It felt strange being back.
Locking the SUV, she crossed the lot to the maze of slips. A nighthawk dipped, squawking as the air whistled through its wings. She followed the east pier to
The Blue Angel
. Finn was one of the marina’s few permanent residents and paid no docking fees because the owner liked having a cop on the premises.
He’d bought the
Angel
after Toby’s death, after his marriage with Angie had fallen apart, the grief and self-blame
eroding what little love had been left between them. He’d moved out, making the boat his permanent residence and leaving the house in Hunting Ridge to Angie and his teenage daughter, Maeve. Kay had never met either of them and suspected Finn preferred to keep his two worlds separate. From what Kay could tell, the relationship with his ex had always been civil but strained. She wondered if Finn had managed a reconciliation over the past year.
The lights of his forty-three-foot Slocum cutter were on. Over the dull slap of riggings, the drone of a saxophone played out over the airways. Kay stopped at the head of the gangway. She didn’t want to be here. Didn’t want to face the memories.
Finn must have felt the boat’s lilt as she stepped onto the wide deck. When he appeared in the companionway steps, he was shirtless, wearing khaki shorts and a pair of stained deck shoes.
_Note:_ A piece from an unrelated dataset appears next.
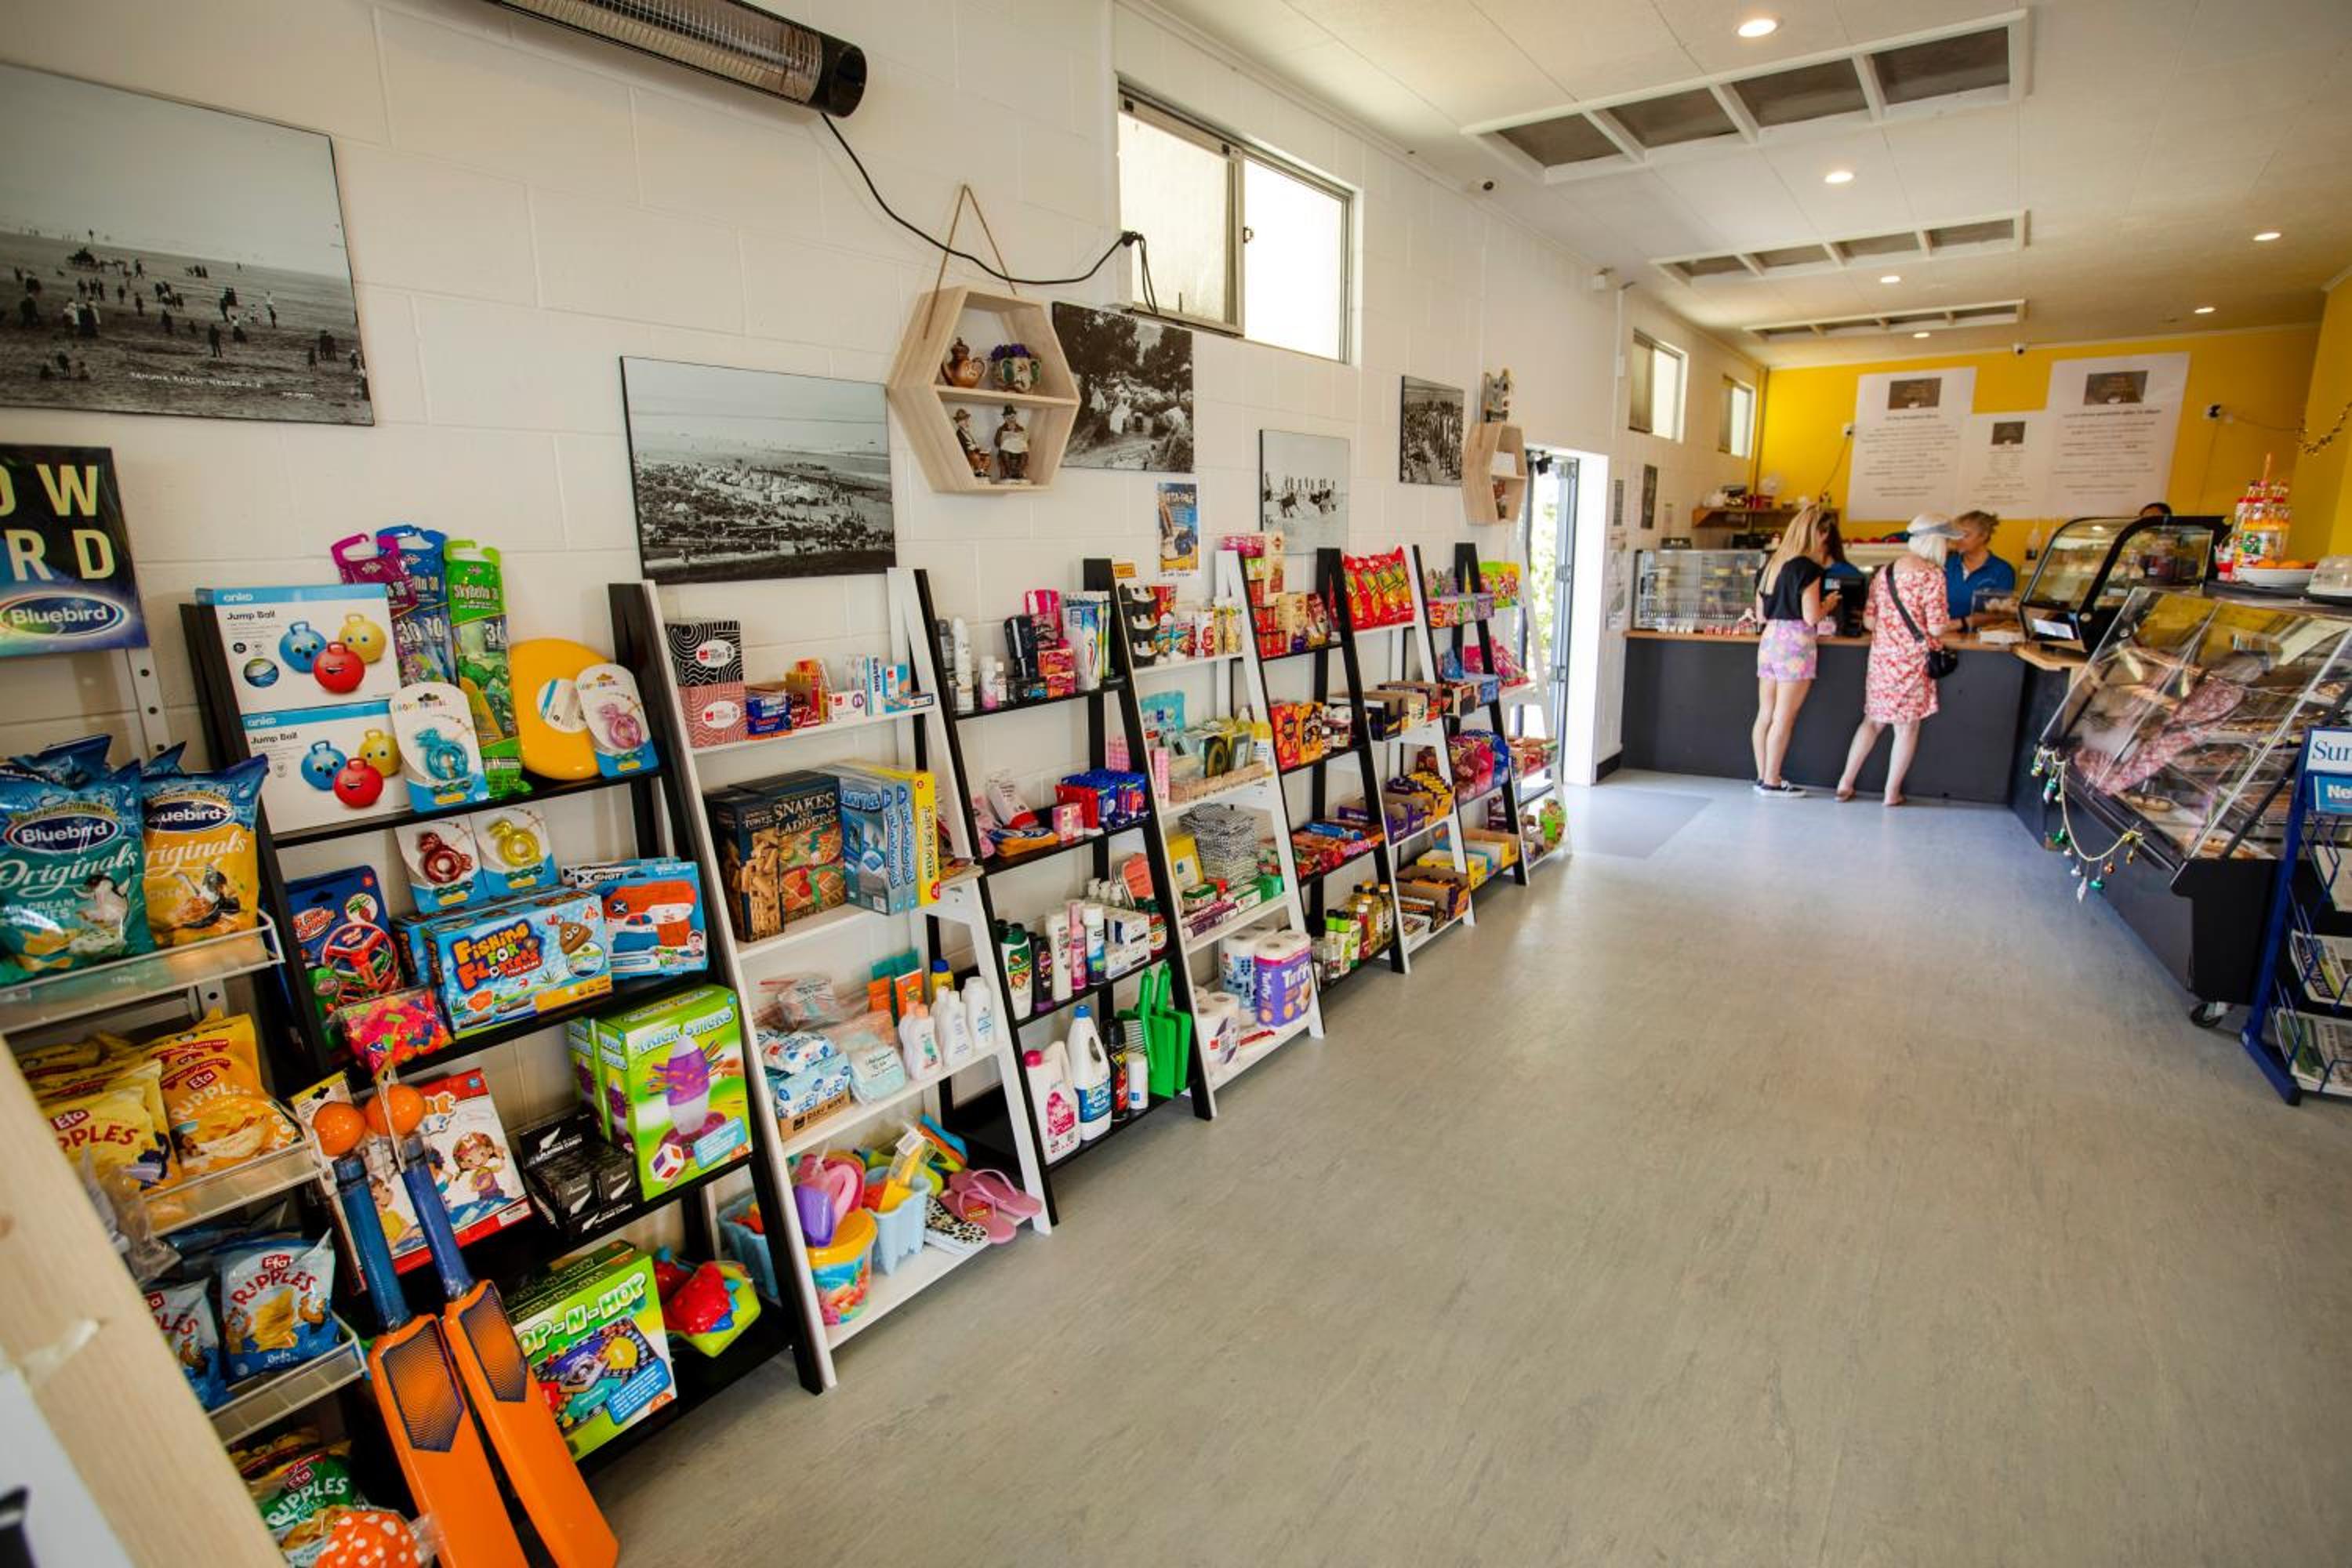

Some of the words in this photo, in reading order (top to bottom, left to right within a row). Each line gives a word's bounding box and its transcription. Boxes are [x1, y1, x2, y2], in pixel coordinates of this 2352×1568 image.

Inside, he took out two Dr Peppers and slid one across the galley table for her. He did look good, Kay thought again. His body was firm. Solid. He’d been working out. Refusing to surrender to that rapid creep toward middle age.
As though sensing her gaze, Finn pulled on a T-shirt bearing a faded Habitat for Humanity logo. Past him, the sheets of the queen-size bed in the aft cabin had been roughly straightened. Memories twisted deep inside her. The boat hadn’t changed. The sounds, the smells, the feel of the space and the intense vibrations she’d always felt between her and Finn. It was as if no time had passed. And being here made her realize how much she missed it.
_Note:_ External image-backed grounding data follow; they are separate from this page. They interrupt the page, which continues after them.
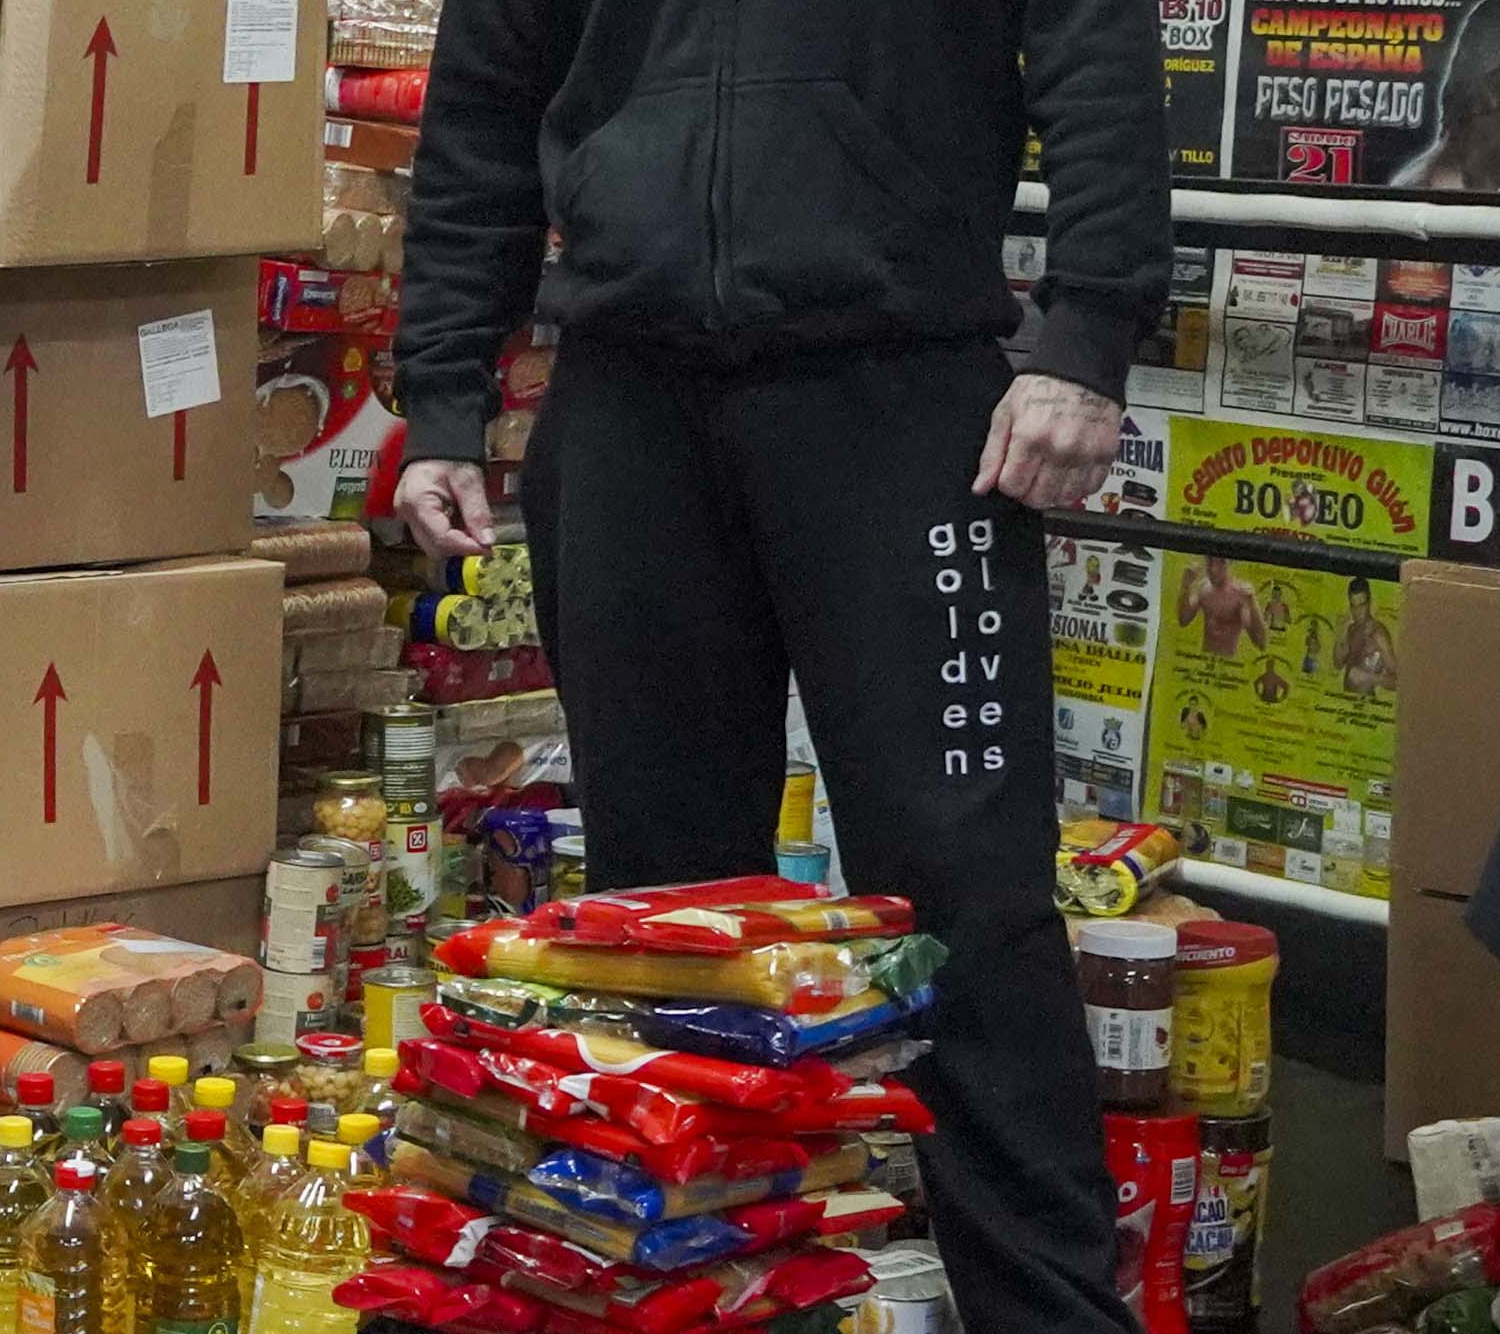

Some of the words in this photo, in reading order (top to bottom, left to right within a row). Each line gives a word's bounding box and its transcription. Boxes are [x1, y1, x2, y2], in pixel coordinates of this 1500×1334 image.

[1251, 11, 1444, 43] CAMPEONATO
[1266, 41, 1307, 68] DE
[1316, 38, 1423, 73] ESPAÑA
[1255, 74, 1316, 123] PESO
[1325, 78, 1424, 126] PESADO
[1286, 144, 1354, 183] 21
[1382, 310, 1437, 353] CHARLIE
“So how’d you make out at the ME’s office?” she asked, determined to focus on the case.
“Shearmur and I met with Arsenault’s friend, Andy Reaume.”
“And?”
“The girl folded. She admitted talking to Arsenault about the cases, even showing him photos. It all started when he saw Chisney’s body.”
“How the hell did that happen?”
“She swears it wasn’t planned,” Finn said, almost sounding sorry for the girl. “Says they had a date, and Arsenault met her at the morgue. Apparently he only wanted a peek, but after that Scotty took a special interest in the case.”
“And the website?”
“She knew about it, but says she wasn’t aware he’d published the details of the autopsies.”
“What’s going to happen to her?” Kay asked, even though she didn’t doubt the OCME’s director had made short work of terminating the girl’s employment.
“After we finished, Shearmur had her escorted out.”
“She worth pursuing for more background on Arsenault?”
“Probably not. The girl doesn’t know much. They went out only a couple times. She’s never even been to his condo.” Finn reached for a pack of Marlboros at the end of the teak bar, appeared to think twice, then dropped them into a drawer. “He’s part of this, Kay. And I don’t just mean the website. He’s connected.”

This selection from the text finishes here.